When the mean ML axial force distribution and pivot location are compared between the congruent and non-congruent flexion ranges, both are mostly medial near full extension, and more lateral in the non-congruent range (Fig. 2B). However, a closer look across flexion ranges reveals no consistent relationship between MPD and MFR across patients. In some patients (K1L, K8L), the lateralization of the pivot occurs abruptly around FLEX1, while the loading still remains mostly medial until higher flexion angles (Fig. 4). In these patients, the pivot location seems to be primarily determined by the activity (all subjects showed similar kinematic patterns), in addition to the ML distribution of the axial force, as well as other factors, probably including the limitation of AP motion by the slopes of the tibial inlay, subject specific implantation, and the tension of the surrounding soft tissue structures, including possible co-contraction35. The limitations of the AP motion by the congruent geometry could explain why the pivoting was more strongly related to the AFR than to the MFR in some cases (Table 3). While the investigated ML distribution of the axial TF load includes the axial components of the muscle and ligament forces, their shear components can affect the pivoting as well. The wide range of R2 values in the MPD~MFR correlation seems to indicate these shear forces from muscle and ligaments play a greater or lesser role in individual subjects, which could also explain the differing ranges of AP-forces between the patients (Fig. 4, Table 4).

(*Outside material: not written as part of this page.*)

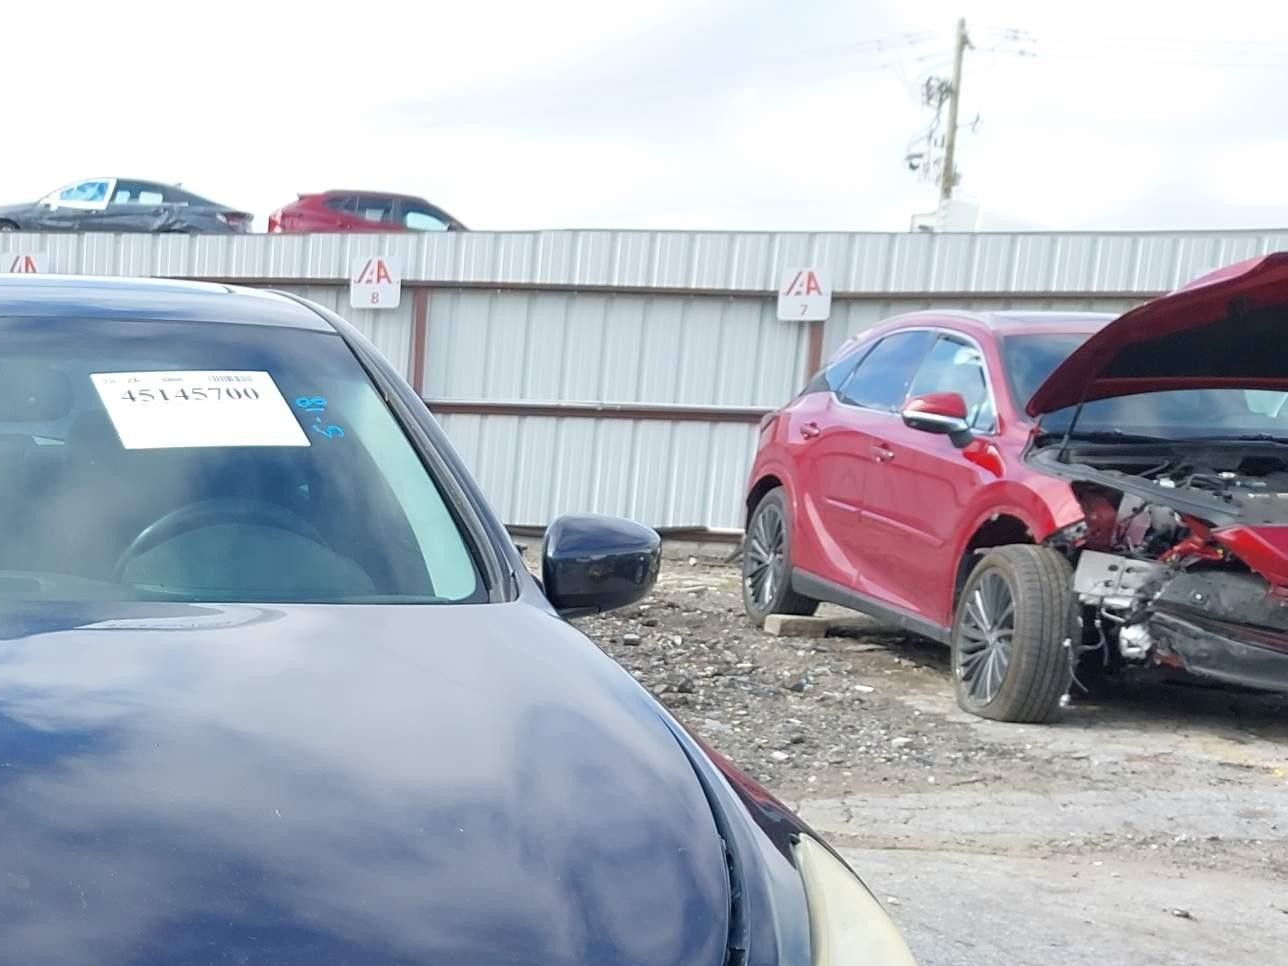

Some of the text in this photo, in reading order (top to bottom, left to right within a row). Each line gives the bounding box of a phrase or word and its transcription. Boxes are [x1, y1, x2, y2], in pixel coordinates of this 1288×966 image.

[370, 292, 380, 304] 8
[799, 303, 809, 316] 7
[121, 387, 260, 402] 45145700

It should be pointed out, that the observed AP-motion during loaded flexion does not necessarily imply the same AP-motion during the stance phase of walking, where the flexion range is smaller but the MFR range can be greater4,7. Another limitation of this study is the small number of patients and the specific characteristics (single, ultra-congruent design) of the implant. The high implant congruency likely reduces the range of the AP-motions and leads to a complex contact interaction which could not be fully investigated in this study, but potentially will be the focus of future finite element analyses. Despite these limitations, this is the largest cohort of patients with in vivo forces synchronously measured with fluoroscopic kinematics. With this, the subjects examined give a first impression on how measured TF forces and the combined fluoroscopic kinematics are related.

In conclusion, even with a symmetrical tibial inlay, the ML position of the pivot for the axial TF rotation was not determined by the ML distribution of the axial load alone. Especially when the posterior motion of the lateral condyle is restricted by the design, some patients shift the pivot laterally, even when the medial compartment still experiences a higher axial load. Further studies into the activities and factors driving TF kinematics, and their relationship with the pivot location are clearly required in order to better understand the interaction of kinematics and loading in the knee. Using fluoroscopic measurement techniques combined with the 3D analysis employed in this study may serve as an ideal tool to verify whether a specific kinematic goal of a new TKA design, is actually achieved in vivo and across mechanically loaded activities.